Lines from the one containing "Some of the text" through the last line of the records below are to be repeated exactly.

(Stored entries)
—————

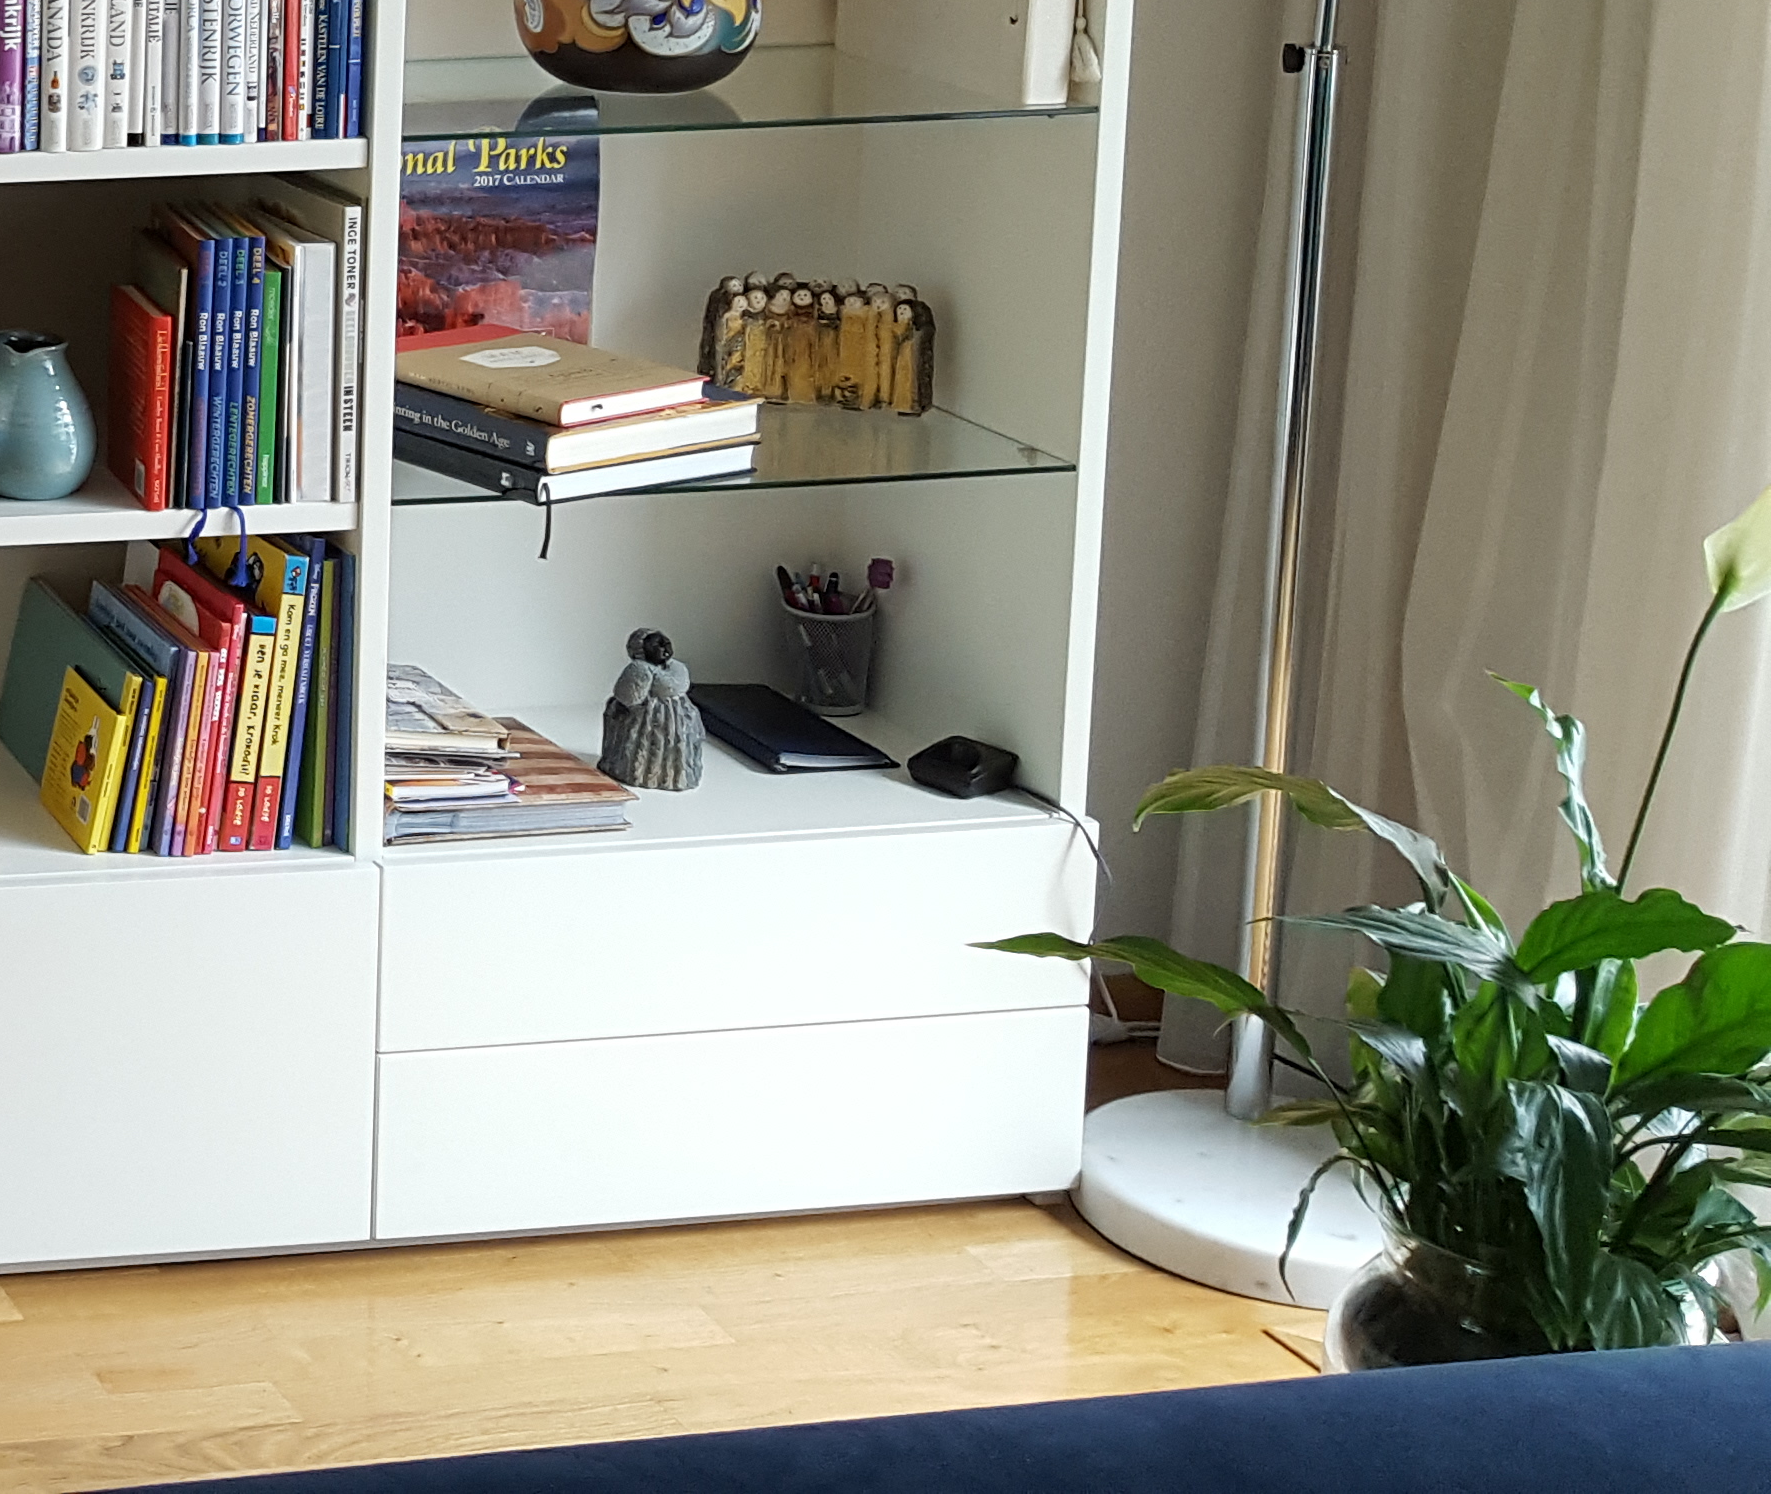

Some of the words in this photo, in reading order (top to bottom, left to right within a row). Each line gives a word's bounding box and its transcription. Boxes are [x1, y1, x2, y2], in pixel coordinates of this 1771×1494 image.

[467, 136, 568, 173] Parks
[474, 175, 499, 188] 2017
[503, 173, 564, 186] CALENDAR
[347, 217, 358, 246] INGE
[346, 250, 357, 290] TONER
[198, 312, 208, 331] Ron
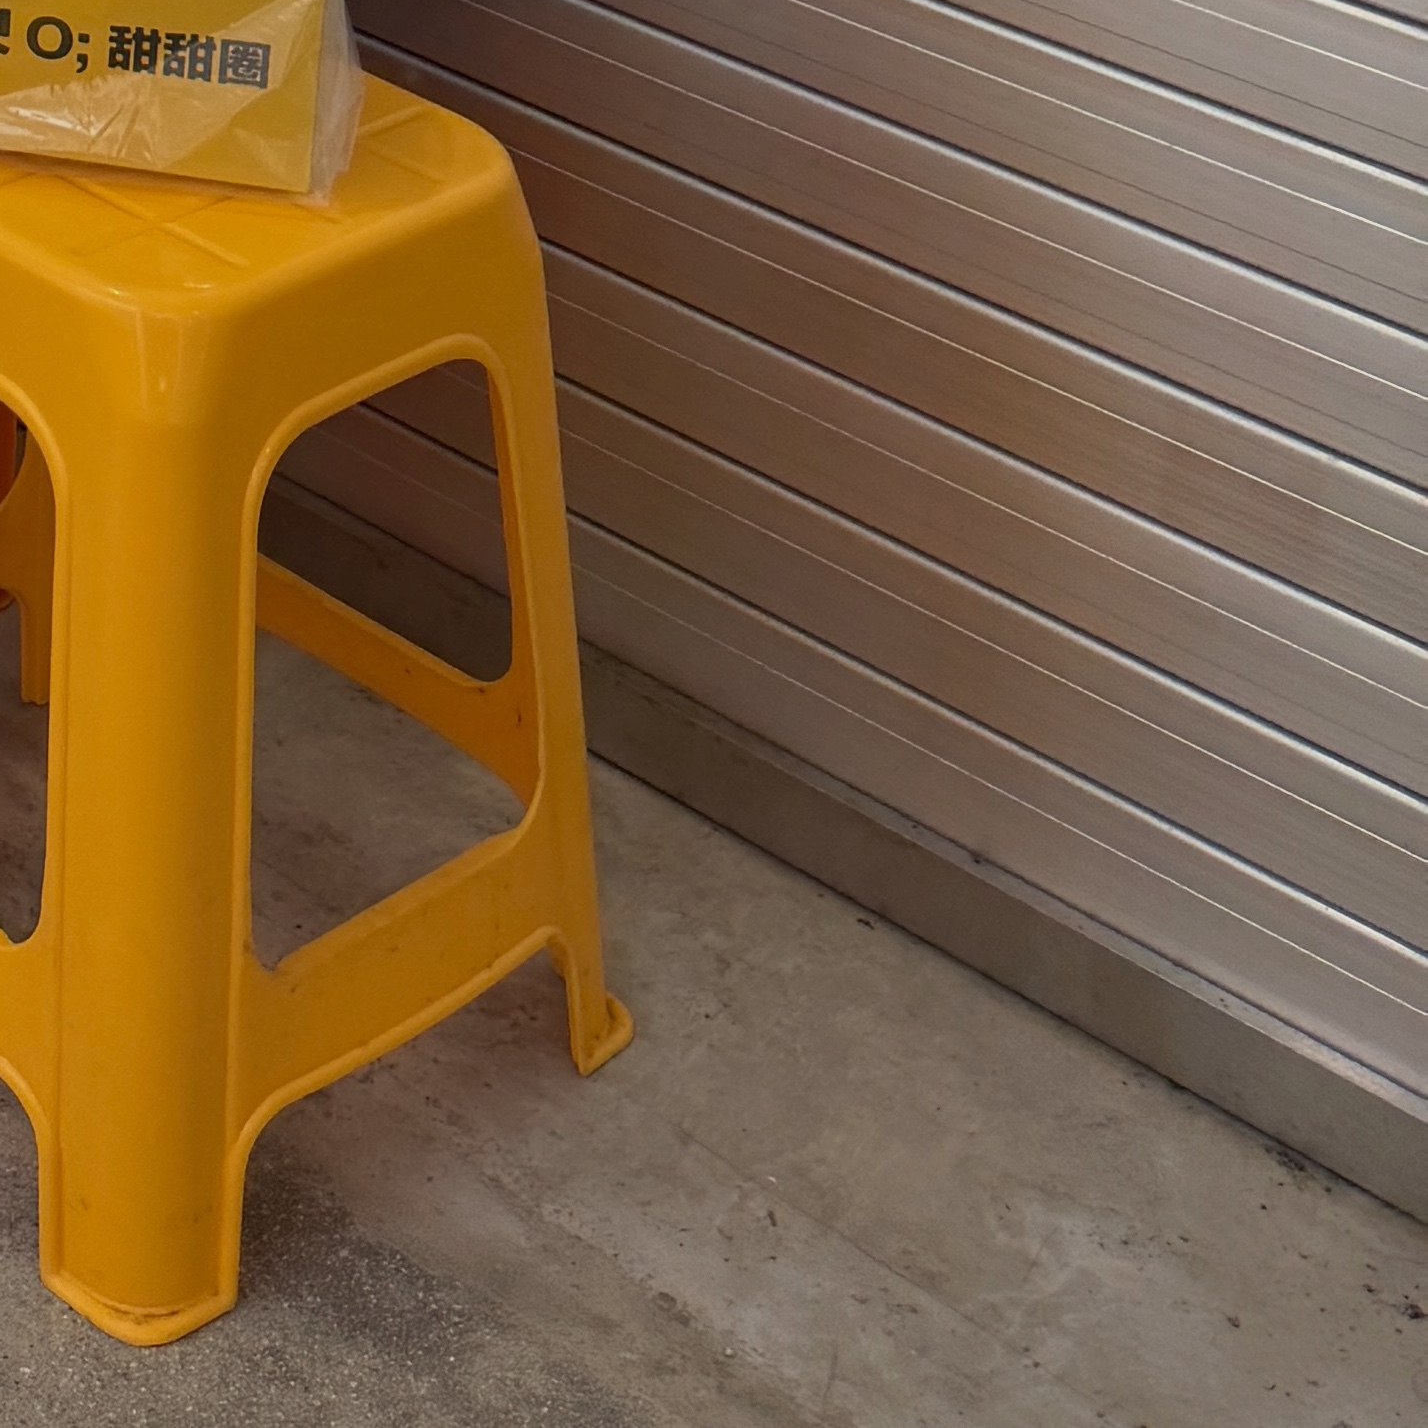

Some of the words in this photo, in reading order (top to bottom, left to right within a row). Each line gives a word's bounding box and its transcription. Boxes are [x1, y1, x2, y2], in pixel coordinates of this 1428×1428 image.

[26, 15, 90, 74] O;
[107, 23, 271, 90] 甜甜圈
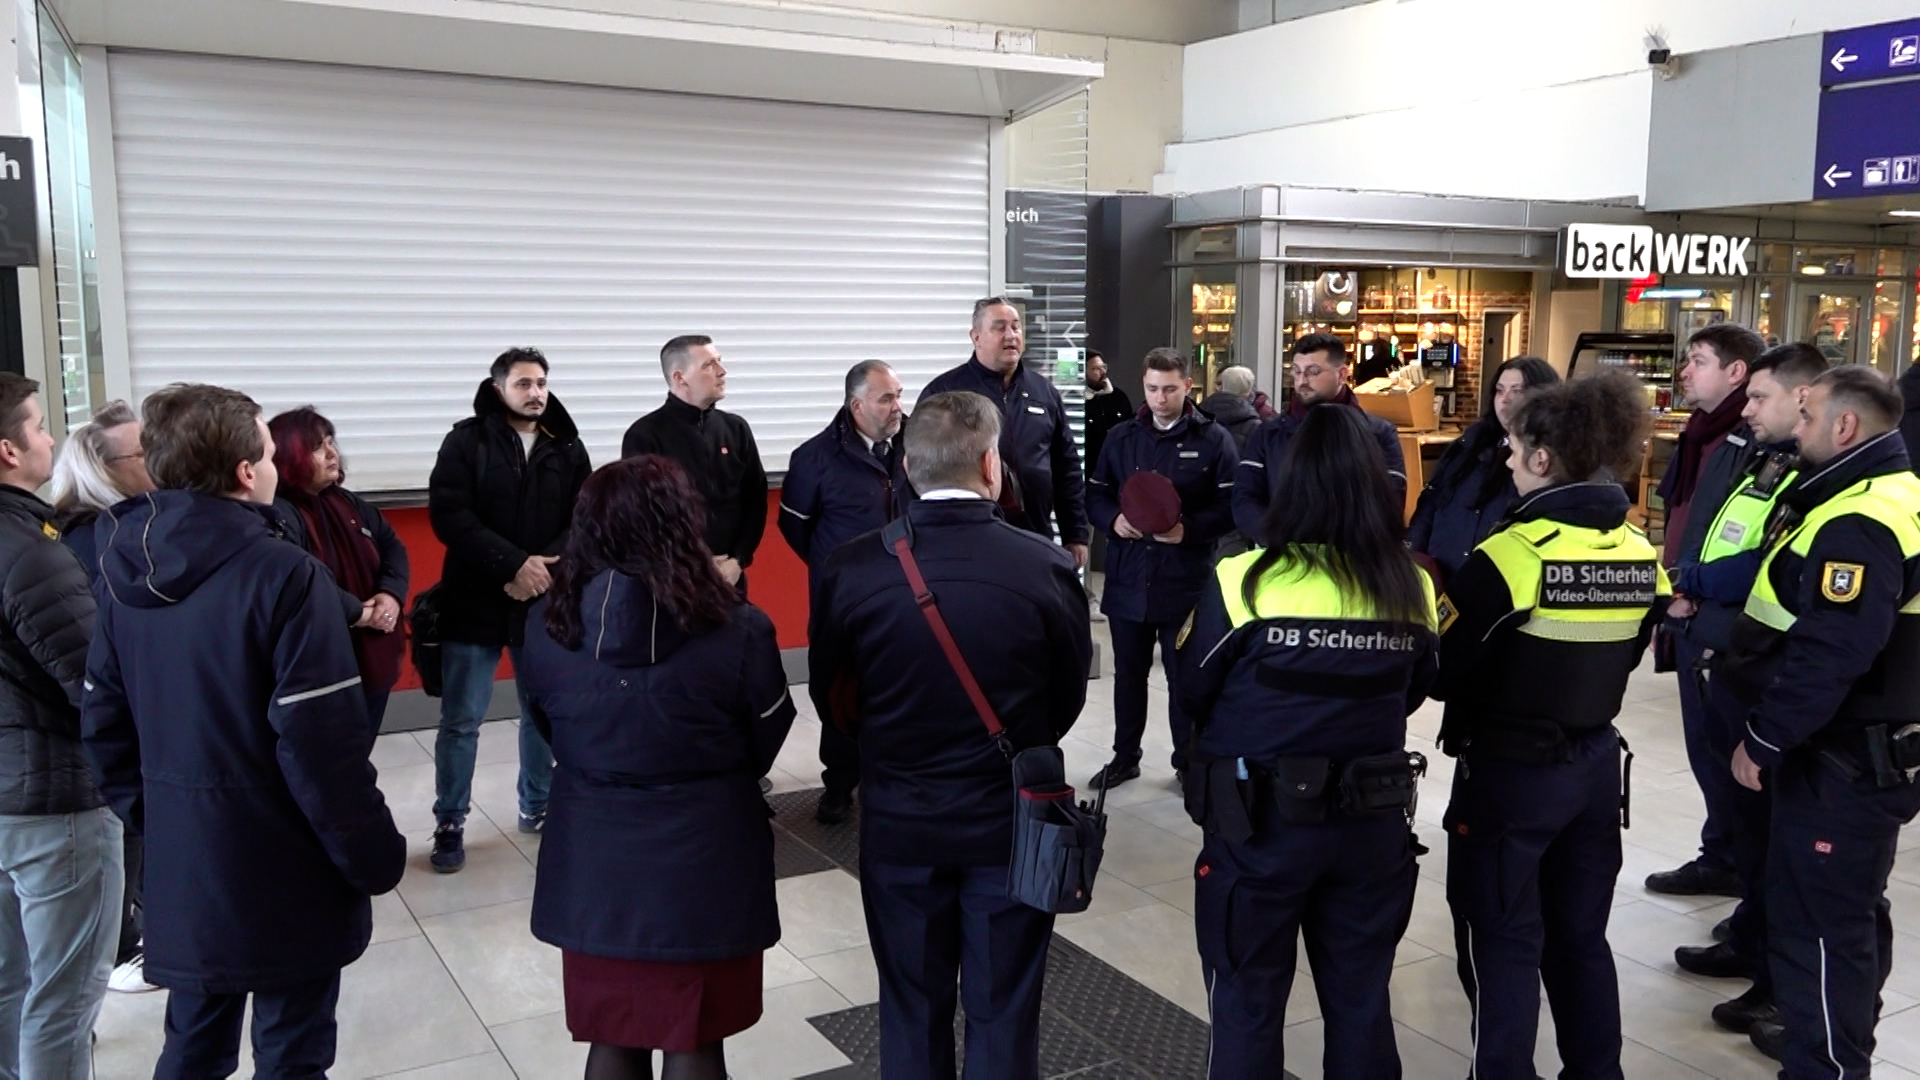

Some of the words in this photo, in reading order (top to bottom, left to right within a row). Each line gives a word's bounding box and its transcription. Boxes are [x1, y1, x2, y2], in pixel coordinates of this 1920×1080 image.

[1545, 565, 1575, 584] DB
[1266, 626, 1301, 647] DB
[1307, 628, 1416, 652] Sicherheit
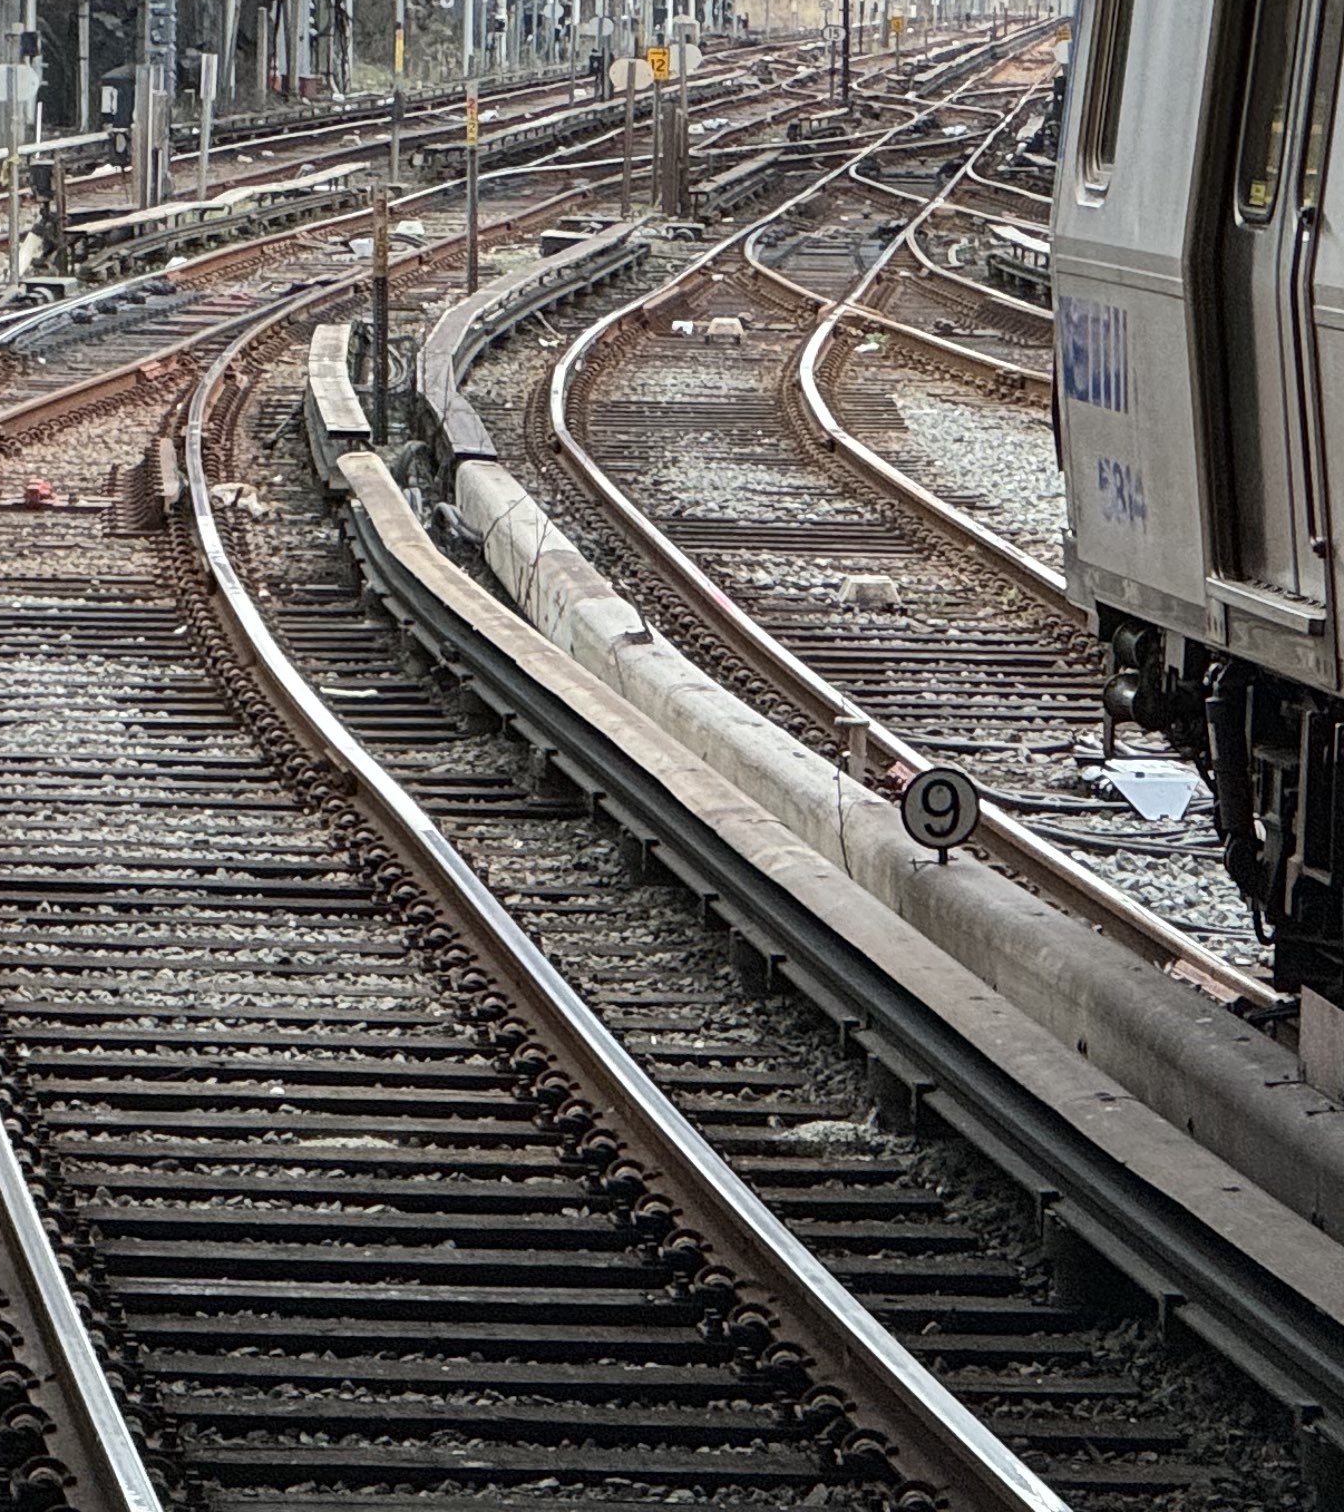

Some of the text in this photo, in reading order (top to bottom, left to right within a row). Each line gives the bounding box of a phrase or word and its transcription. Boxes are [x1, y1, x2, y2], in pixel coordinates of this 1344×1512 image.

[828, 27, 840, 40] 15
[650, 58, 666, 72] 12
[921, 778, 960, 838] 9

—————

> **Response to the task**
Some of the text in this photo, in reading order (top to bottom, left to right within a row). Each line gives the bounding box of a phrase or word and its transcription. Boxes are [x1, y1, x2, y2], in pixel coordinates of this 1344×1512 image.

[828, 27, 840, 40] 15
[650, 58, 666, 72] 12
[921, 778, 960, 838] 9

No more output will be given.